Ella se pasea desnuda delante de mí, que estoy leyendo y tomando café en el sillón de la sala. No es algo inusual, lo de ella ni lo mío; estamos así muchas veces en estos fines de semana, yo enteramente vestido, ella desnuda, sin pudor pero sin exhibición. No lo hace para provocarme sino simplemente porque se da una ducha, sale del baño y como hace bastante calor se queda así, cómoda; después de todo está en su casa y yo la he visto millones de veces desnuda; no es algo que me cause ya una tremenda, incontenible excitación. Anda desnuda por la casa como si estuviera vestida, con los mismos movimientos, actitudes y palabras. Se va a la otra habitación, oigo que enciende el televisor y se sienta en el silloncito; la veo a través de la puerta

abierta. Toma unos ovillos de lana, rojos y amarillos, de una lata de galletas, y dos largas agujas. Comienza a tejer, con los ojos alternando entre el subir y bajar de las agujas y la pantalla del televisor, que no veo pero oigo (voz de doblaje, insoportable). Dejo el libro, la taza, me levanto y entro a esa habitación. Me quedo parado cerca de la puerta, con las manos en la cintura; empiezo a decirle lo que tenía que decirle y, mientras tanto, siento que es ridículo y cómico hablar así con una mujer desnuda, que teje sentada. Parece la antítesis del erotismo; sin embargo le miro los minúsculos pezones, oscuros, y el vello oscuro, casi negro, entre las piernas. Ella responde, estamos en un diálogo de lo más banal, me llega el olor a jabón perfumado que despide su cuerpo, que también despide una especie de teoría flotante, de que la desnudez no debe asociarse, siempre, con la sexualidad.

Alhajar

En algún momento de nuestra conversación, ella usó la palabra "alhajar". Y yo seguí conversando, pero en el fondo pensando en esa palabra. Era rara, al menos en boca de una mujer joven. Así hablaría mi abuela, pensé. Y eso me había hecho suponer que esa mujer sería rígida, mucho más rígida de lo que parecía.
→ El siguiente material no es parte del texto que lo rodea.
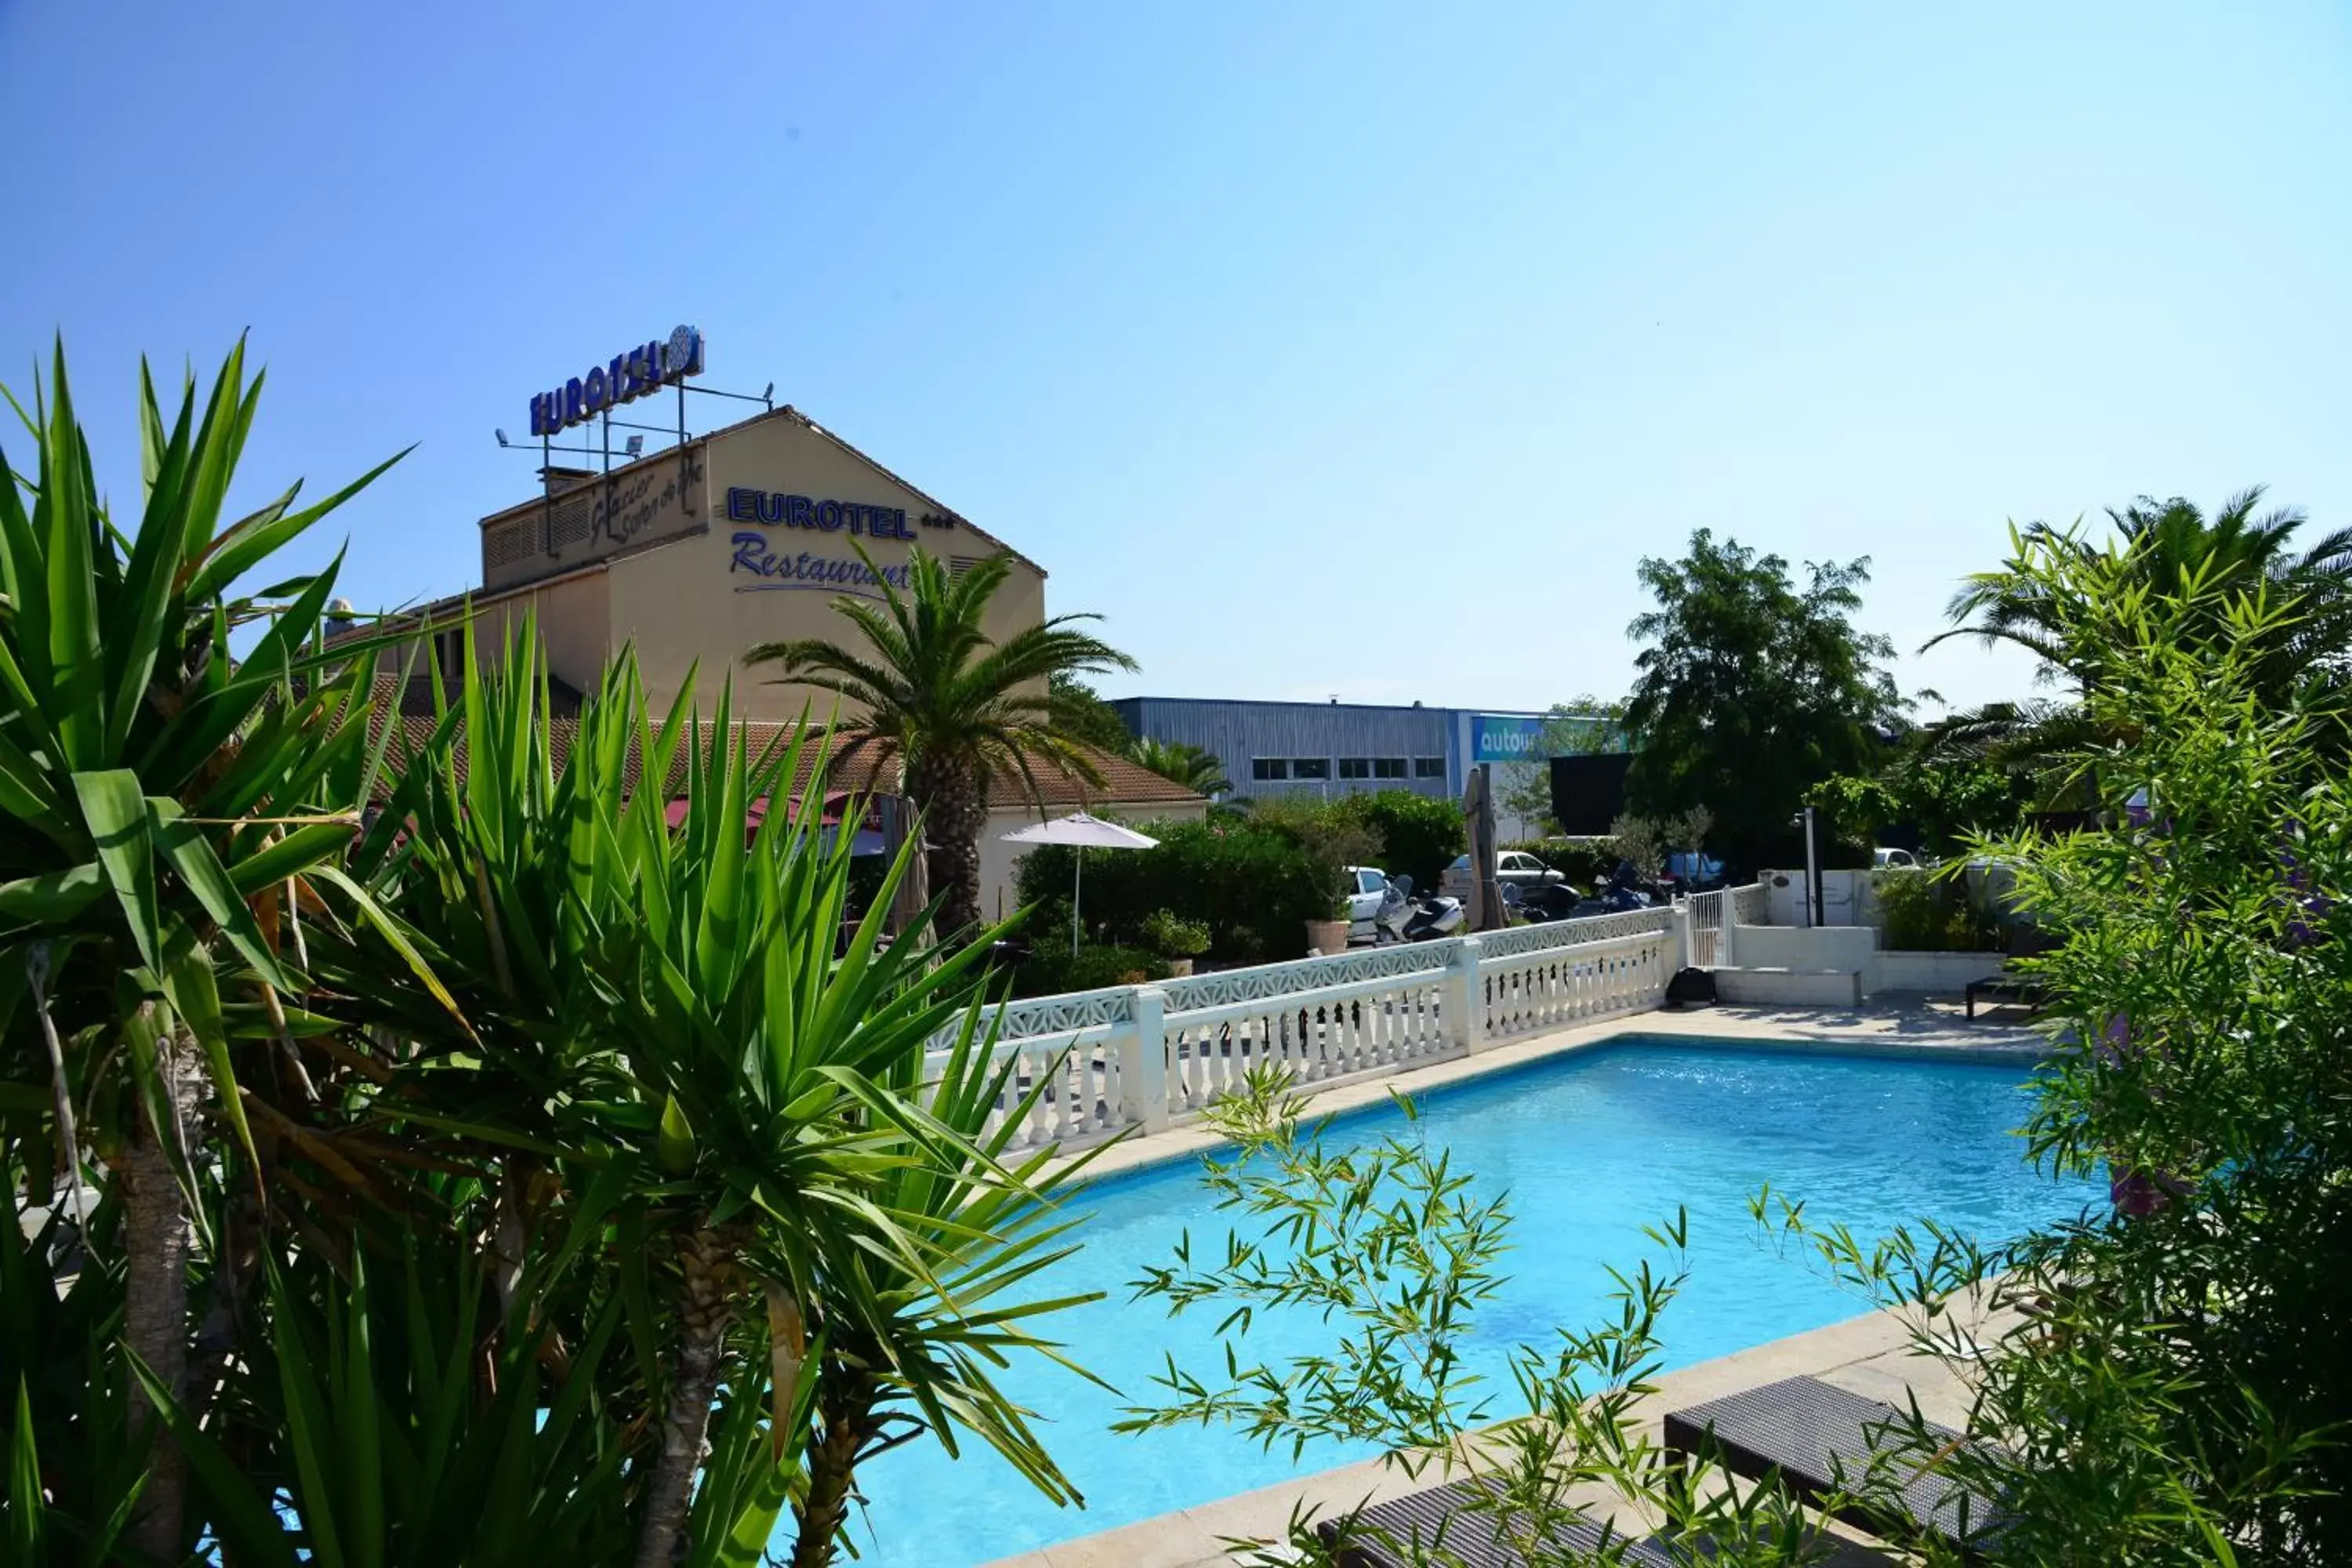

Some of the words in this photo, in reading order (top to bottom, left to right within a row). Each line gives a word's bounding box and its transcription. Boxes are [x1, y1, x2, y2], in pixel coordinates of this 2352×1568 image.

[529, 339, 665, 437] EUROTEL
[728, 487, 917, 540] EUROTEL
[729, 532, 909, 589] Restaurant
Me sentí levemente estafado; era notorio su esfuerzo por dar ante mí una imagen actualizada y, sin embargo, al primer descuido, le surgía la palabra "alhajar". "Alhajar mi apartamento", había dicho. Y lo había dicho en un tono tan pomposo que yo me la había imaginado colgando alhajas de las paredes de su apartamento, colgando alhajas y casi bailando una especie de minué, llena de ínfulas y de consciencia de clase. Se lo hubiese perdonado, si el suyo fuese un caso irremediable; pero ella no había nacido en ninguna de esas zonas donde la gente se vuelve inevitablemente pretenciosa; ella había nacido al oeste del Centro, y a veces se jactaba de su origen trabajador.

Me di cuenta de que, tal vez, esa mujer no era para mí.